(Dataset entries)

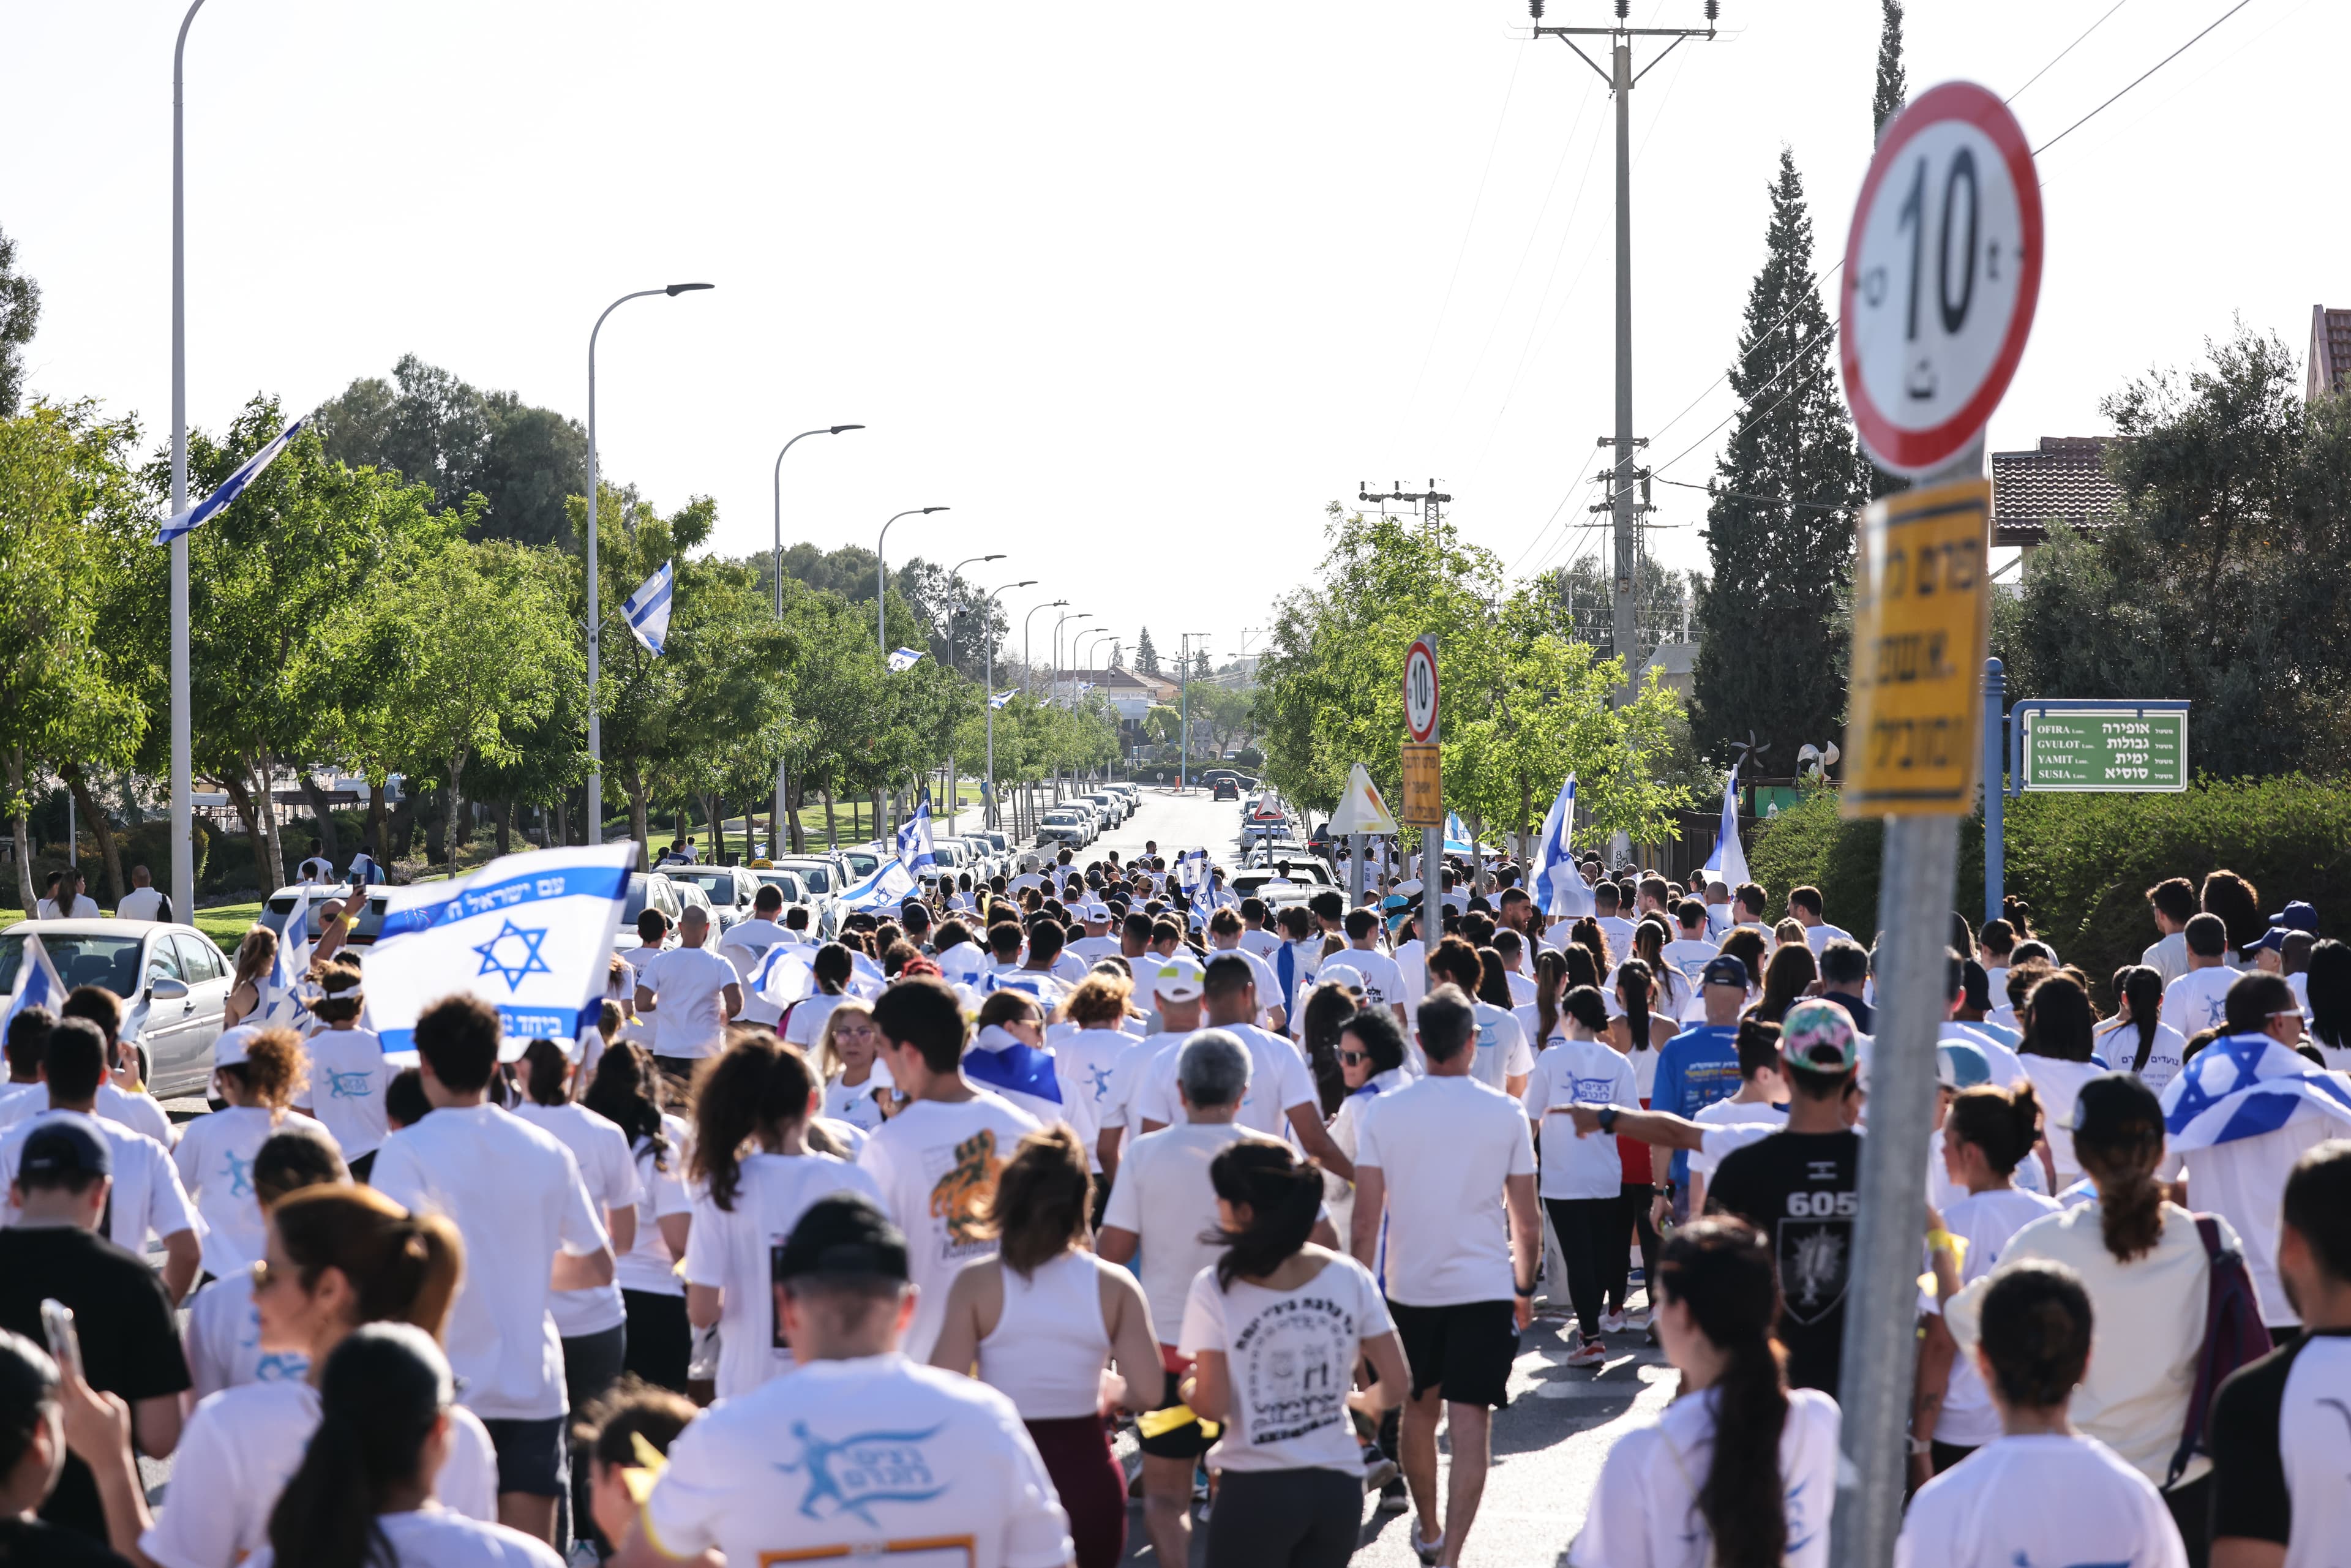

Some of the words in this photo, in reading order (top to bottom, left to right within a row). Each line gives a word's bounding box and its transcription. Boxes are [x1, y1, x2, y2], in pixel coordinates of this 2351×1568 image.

[1897, 146, 1978, 340] 10
[1412, 660, 1427, 710] 10
[2037, 725, 2070, 734] OFIRA
[2102, 723, 2150, 734] אופירה
[2037, 740, 2080, 749] GVULOT
[2106, 735, 2150, 749] גבולות
[2038, 754, 2074, 764] YAMIT
[2115, 752, 2149, 764] ימית
[2038, 770, 2071, 779] SUSIA
[2105, 767, 2149, 779] סוסיא
[536, 876, 565, 897] עם
[464, 882, 531, 913] ישראל
[516, 1015, 563, 1036] ביחד
[2150, 1056, 2180, 1066] צועדים
[1585, 1083, 1610, 1092] רצים
[1581, 1090, 1610, 1100] לזכרם
[1787, 1191, 1858, 1217] 605
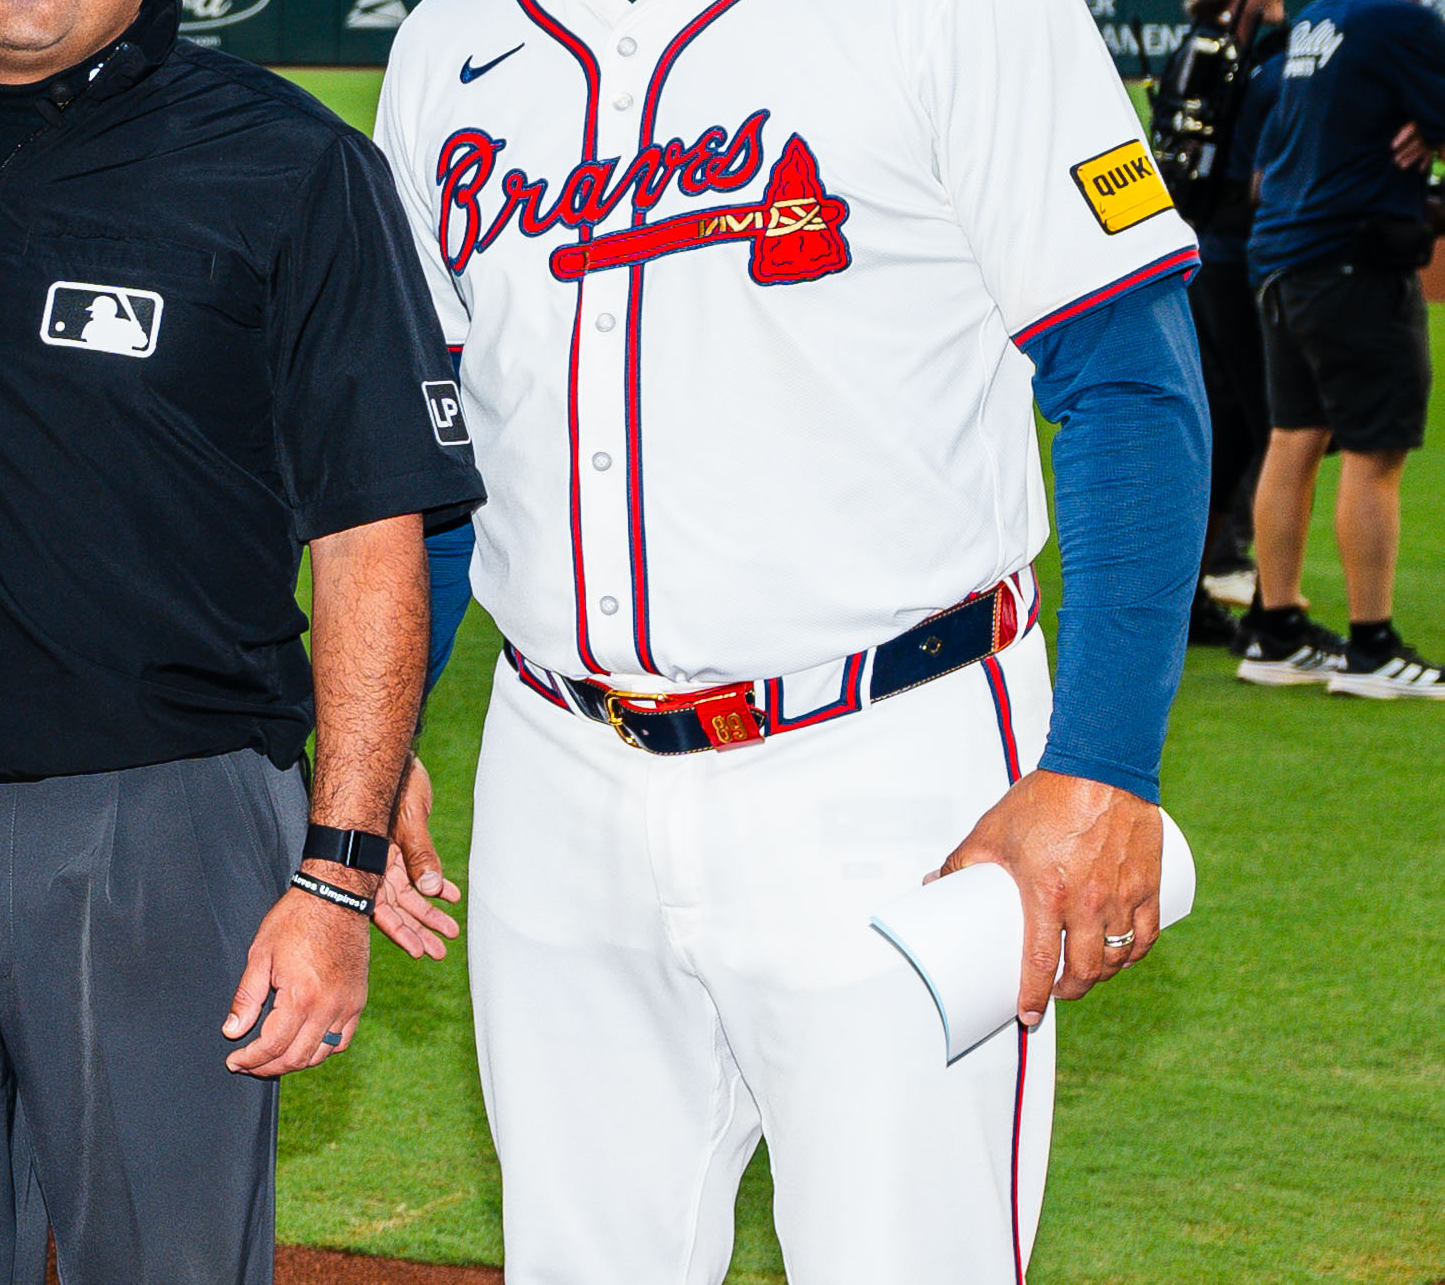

• [Problem to solve]:
Your task is to restate every record word for word. Omit all pictures.

• [Your response]:
Some of the words in this photo, in reading order (top to bottom, left to right within a row). Each line gives a word's bounding box and its transcription. Boxes are [x1, y1, x2, y2], in pixel coordinates of this 2351×1568 image.

[1897, 146, 1978, 340] 10
[1412, 660, 1427, 710] 10
[2037, 725, 2070, 734] OFIRA
[2102, 723, 2150, 734] אופירה
[2037, 740, 2080, 749] GVULOT
[2106, 735, 2150, 749] גבולות
[2038, 754, 2074, 764] YAMIT
[2115, 752, 2149, 764] ימית
[2038, 770, 2071, 779] SUSIA
[2105, 767, 2149, 779] סוסיא
[536, 876, 565, 897] עם
[464, 882, 531, 913] ישראל
[516, 1015, 563, 1036] ביחד
[2150, 1056, 2180, 1066] צועדים
[1585, 1083, 1610, 1092] רצים
[1581, 1090, 1610, 1100] לזכרם
[1787, 1191, 1858, 1217] 605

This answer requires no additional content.